Skip to content

Window closing on Phoenix foreclosures

Canadians can still find deals in Phoenix but the window is quickly closing on the bargain-priced, often foreclosed, real estate that characterized Arizona's largest city over the past five years.

 Canadians can still find deals in Phoenix but the window is quickly closing on the bargain-priced, often foreclosed, real estate that characterized Arizona's largest city over the past five years.

 "I had to apologize to my Canadians," said Linda Gerchick, of Phoenix-based Gerchick Real Estate after a recent property tour she mounted for B.C. and Alberta investors went sideways. "Property after property had already been sold," she said, "I couldn't even show them."
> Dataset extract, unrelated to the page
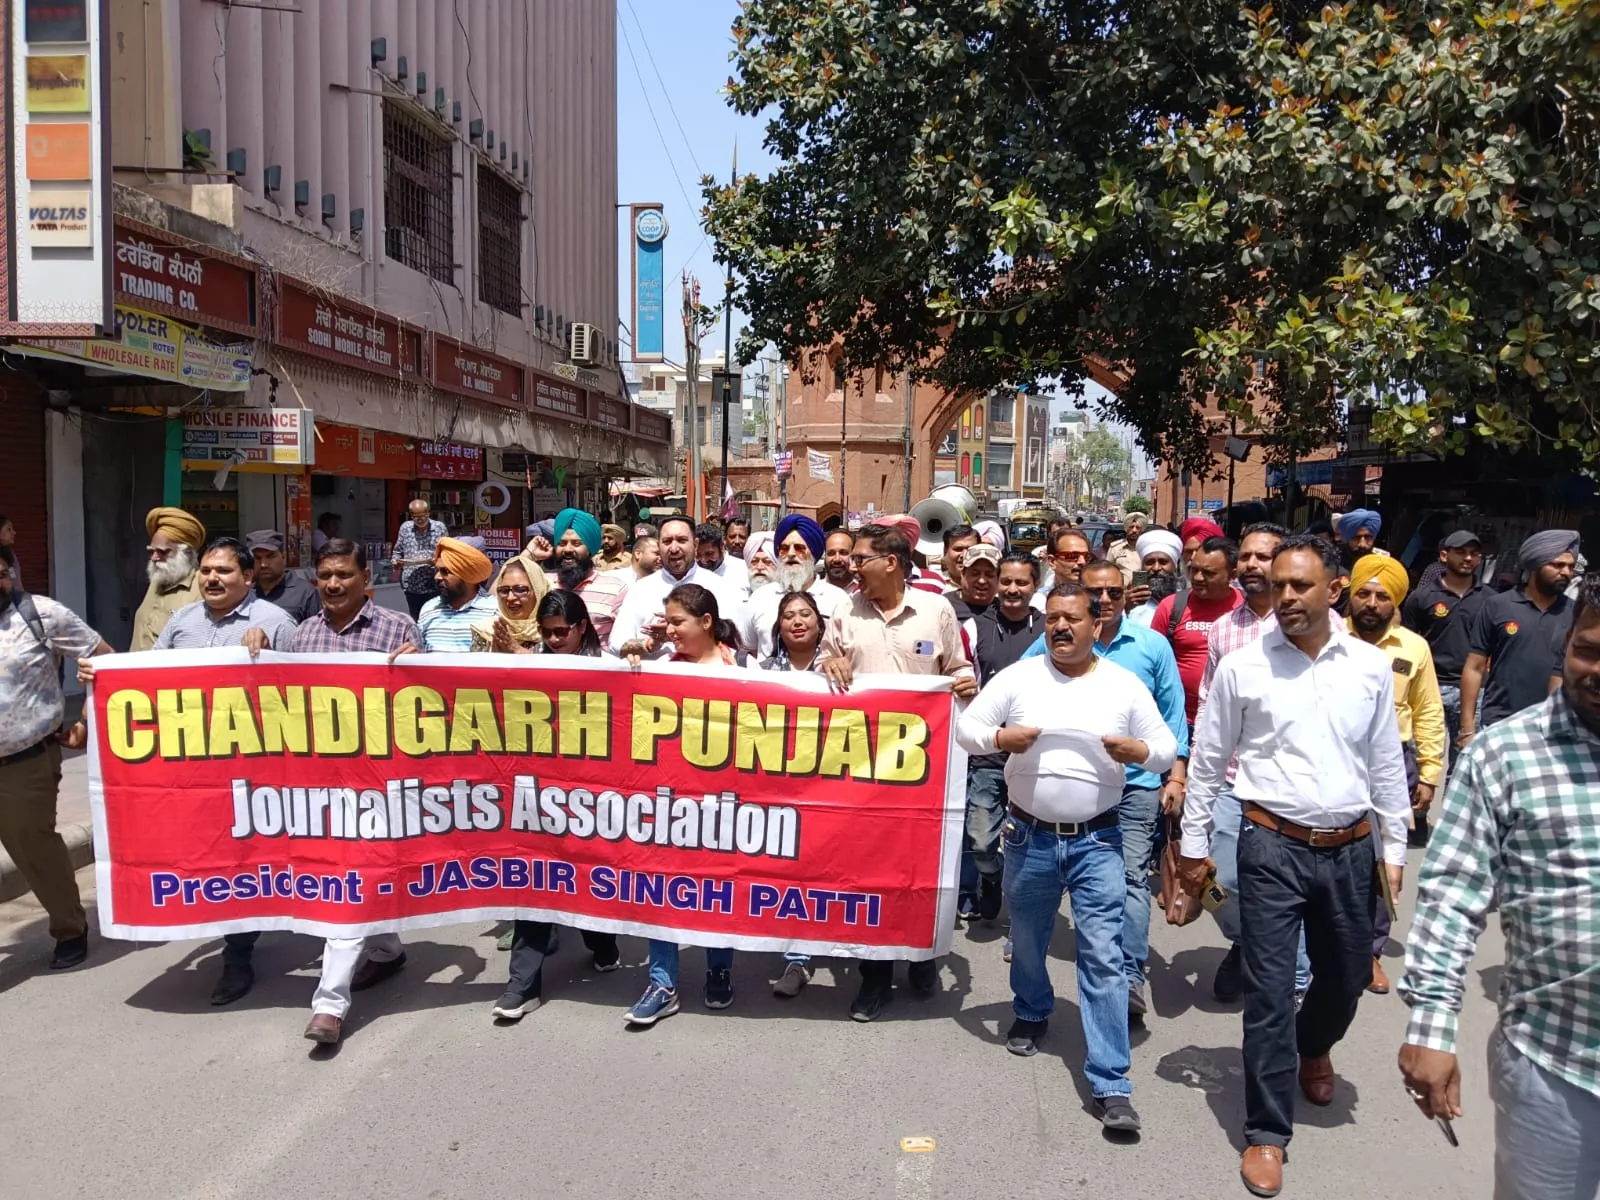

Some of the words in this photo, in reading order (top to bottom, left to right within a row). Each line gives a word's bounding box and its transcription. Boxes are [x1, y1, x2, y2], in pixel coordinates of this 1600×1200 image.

 Gerchick, who is mounting another tour in March, estimated that Phoenix now has about a five week supply of homes for sale, compared to a three month inventory just a year ago.

According to the Phoenix Association of Realtors there were 1,632 "lender-owned" properties for sale in the city in January, compared to 2,169 during the same month last year and more than 8,500 in January of 2010. Sales of such foreclosures, at 830 homes in January, accounted for 34 per cent of the entire market, the lowest percentage since the recession started in 2007.

Phoenix home prices remain low by Calgary or Vancouver standards.

The average price per square foot is US$108 and the average detached house sells for less than US$155,000. Average foreclosure condo prices are below US$50,000 per suite, if you can find them.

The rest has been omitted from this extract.